- [TASK]: The whole listing, please: repeat it exactly, with the pictures left out.

- [GIVEN DATA]:
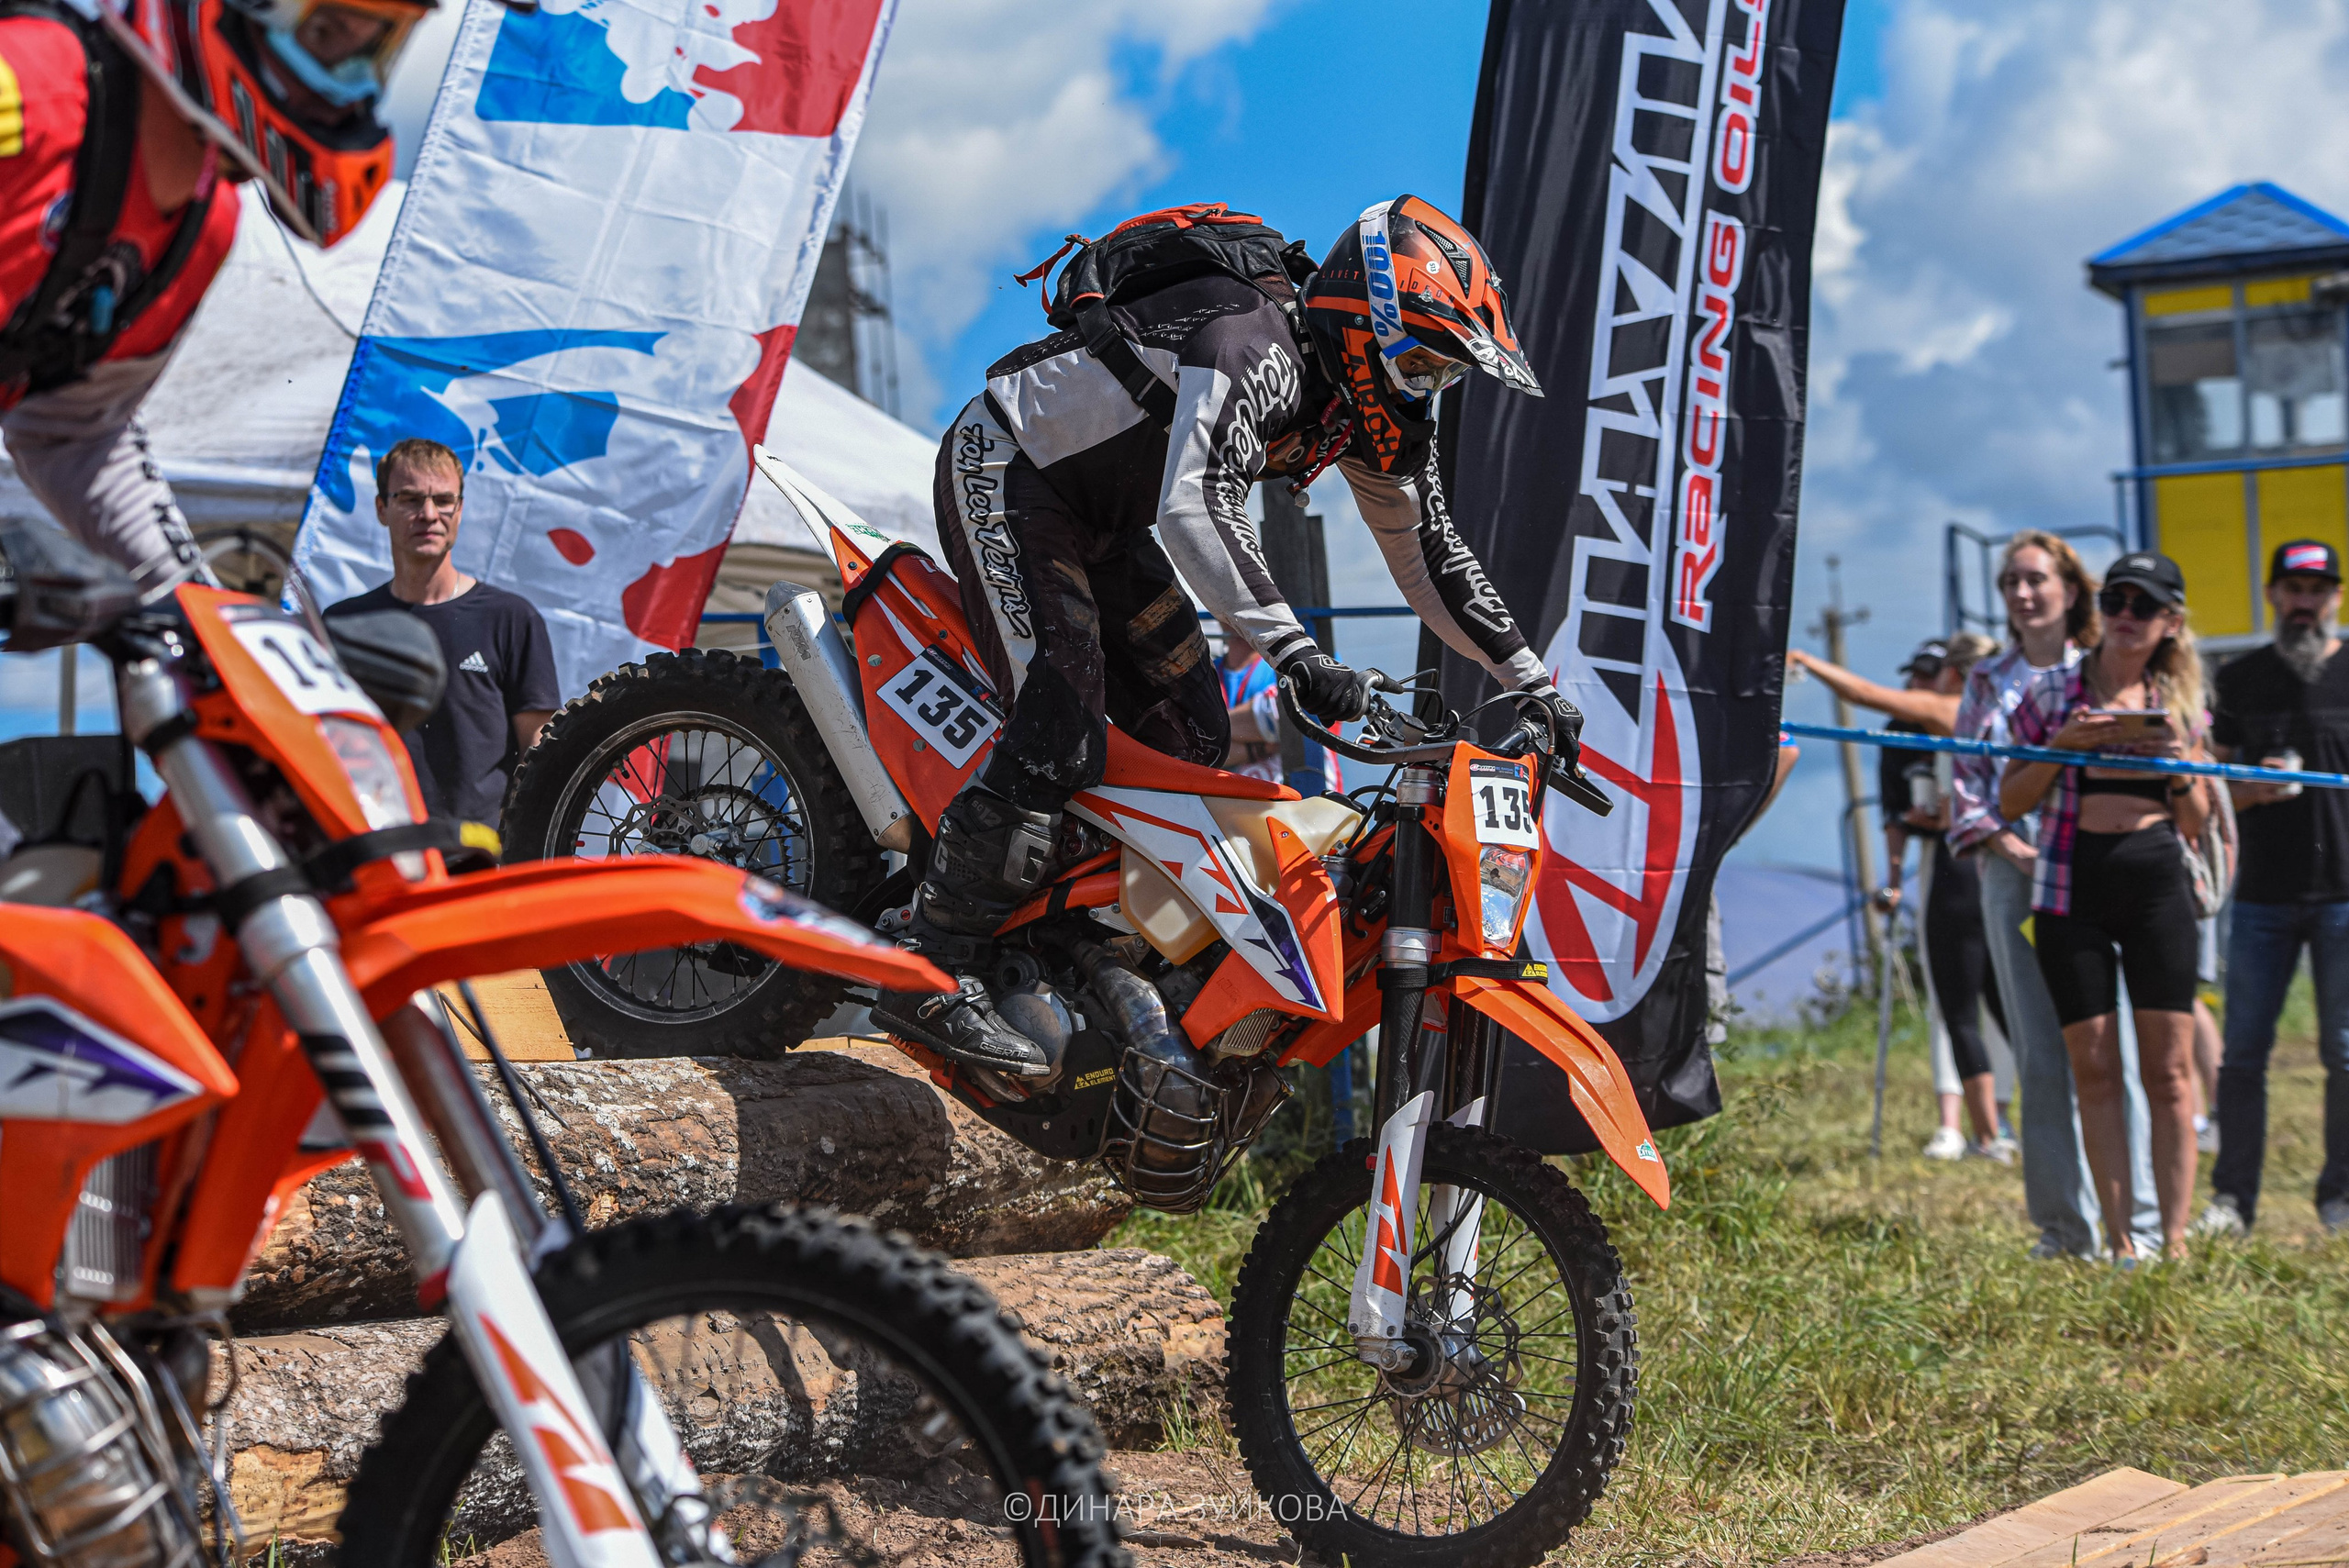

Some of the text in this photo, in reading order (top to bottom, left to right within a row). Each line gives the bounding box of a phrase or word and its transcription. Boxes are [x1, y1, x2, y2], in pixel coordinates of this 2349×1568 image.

[1714, 0, 1768, 194] OIL
[1362, 229, 1404, 337] 100%
[895, 669, 988, 750] 135
[1479, 785, 1532, 834] 135
[1085, 1067, 1115, 1080] ENDURO

- [EXPECTED ANSWER]:
Some of the text in this photo, in reading order (top to bottom, left to right within a row). Each line gives the bounding box of a phrase or word and its transcription. Boxes are [x1, y1, x2, y2], in pixel coordinates of this 2349×1568 image.

[1714, 0, 1768, 194] OIL
[1362, 229, 1404, 337] 100%
[895, 669, 988, 750] 135
[1479, 785, 1532, 834] 135
[1085, 1067, 1115, 1080] ENDURO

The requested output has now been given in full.